While the Communiqué of the Finance Ministers meeting in Gyeongju, South Korea, talk about the need for international cooperation and coordinated responses to the crisis, there is scant evidence of governments working together, except to reinforce their apparent determination to achieve “fiscal consolidation” to appease the financial markets rather than to get growth into the global economy and put people back to work. The proposal by the US administration to set limits for both trade surpluses and deficits were watered down in the Ministers’ conclusions and now will have to be revisited in Seoul. “Whatever the mechanism, more balanced global growth that is consistent with falling unemployment has to be achieved by surplus countries expanding domestic demand more rapidly - not just through adjustment by deficit countries” said Burrow.

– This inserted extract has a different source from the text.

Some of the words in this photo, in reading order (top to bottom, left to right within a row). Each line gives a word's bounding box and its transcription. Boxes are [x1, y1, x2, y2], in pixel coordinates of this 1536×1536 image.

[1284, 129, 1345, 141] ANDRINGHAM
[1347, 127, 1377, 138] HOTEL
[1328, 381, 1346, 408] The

The Ministers also agreed to “complete financial repair and regulatory reforms without delay” – a statement challenged by the unions on the basis that work has hardly started to fully implement the measures which are required. In addition, their reference to the “importance of partnership between governments and business to promote economic growth beyond the crisis”, gives rise to further concern about the undue influence of business on the global agenda. The G20 should be establishing a broad based task force on jobs that includes all social partners instead of developing a cosy relationship with business elites that gives them a fast track to press for more of the labour market deregulation that led to the rising inequality before the crisis, said John Evans, General Secretary of the OECD Trade Union Advisory Committee.

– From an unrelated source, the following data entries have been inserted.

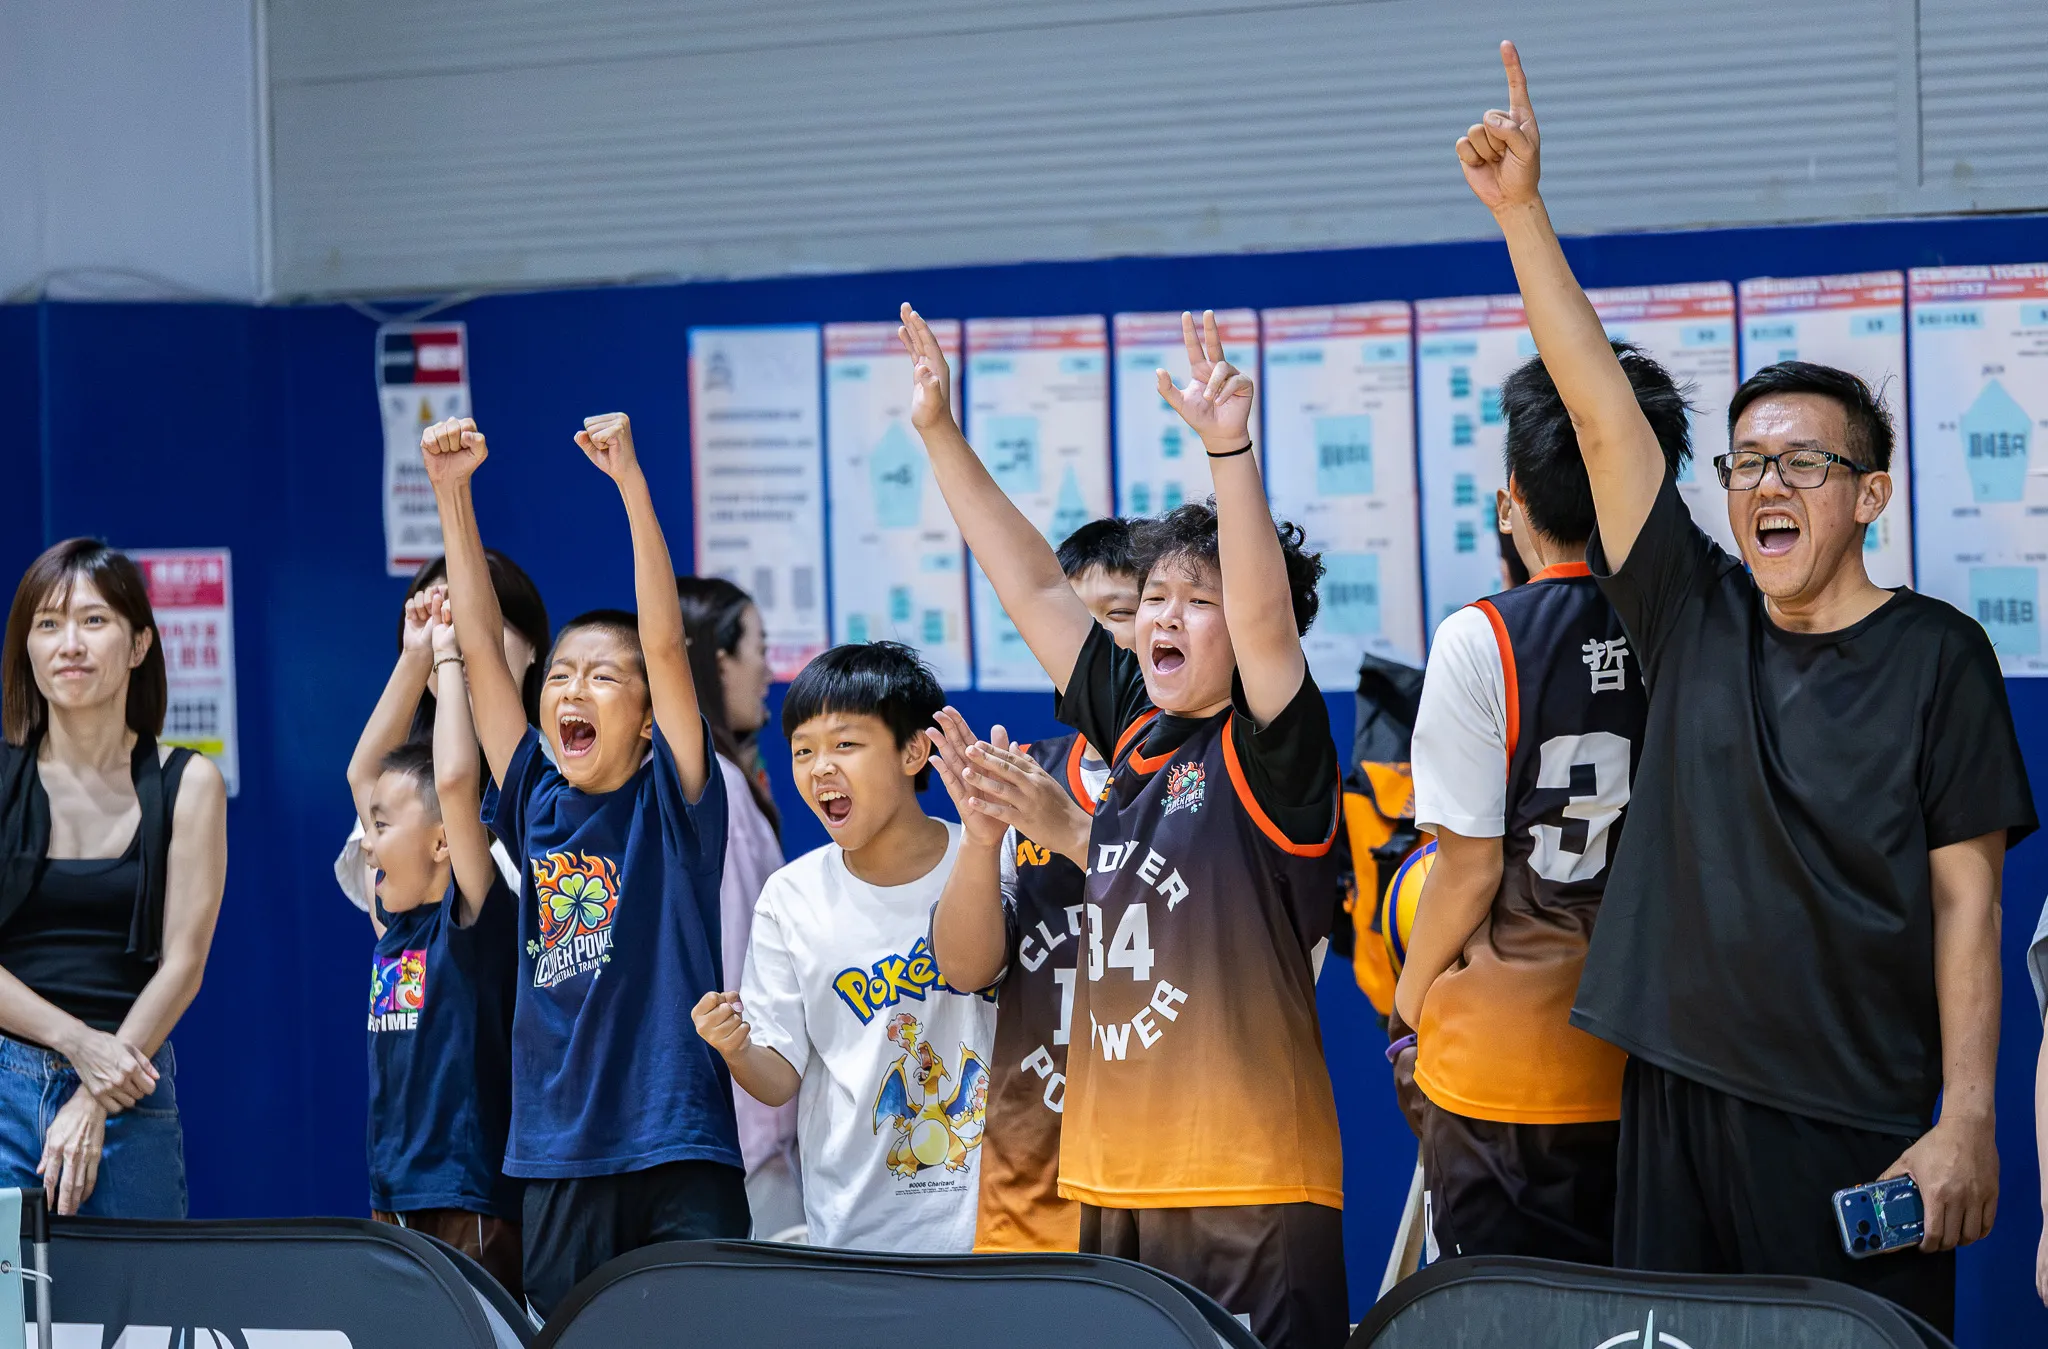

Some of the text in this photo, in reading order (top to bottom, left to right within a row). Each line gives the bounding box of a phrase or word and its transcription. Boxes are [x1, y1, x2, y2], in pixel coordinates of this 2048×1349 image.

[1582, 636, 1630, 694] 哲
[1086, 840, 1190, 912] OVER
[574, 930, 608, 964] POW
[1019, 903, 1083, 973] CLO
[832, 936, 962, 1026] Poké
[1091, 979, 1189, 1061] WER
[927, 1180, 955, 1188] Charizard

The commitment to increase developing country influence on decision-making at the International Monetary Fund is welcomed by the unions, however the target date of January 2014 for this to be completed means that the current industrial-country bias at the IMF will remain in place for at least three years more. The Ministers’ reference to the IMF promoting “structural reform” is of great concern, given that this has always been understood to include further weakening of labour laws, such as the sweeping deregulation currently being pushed by the IMF on Romania. – A top-level international delegation of trade union leaders will press their concerns on these and other key issues in meetings with G20 leaders at their Summit in Seoul next month.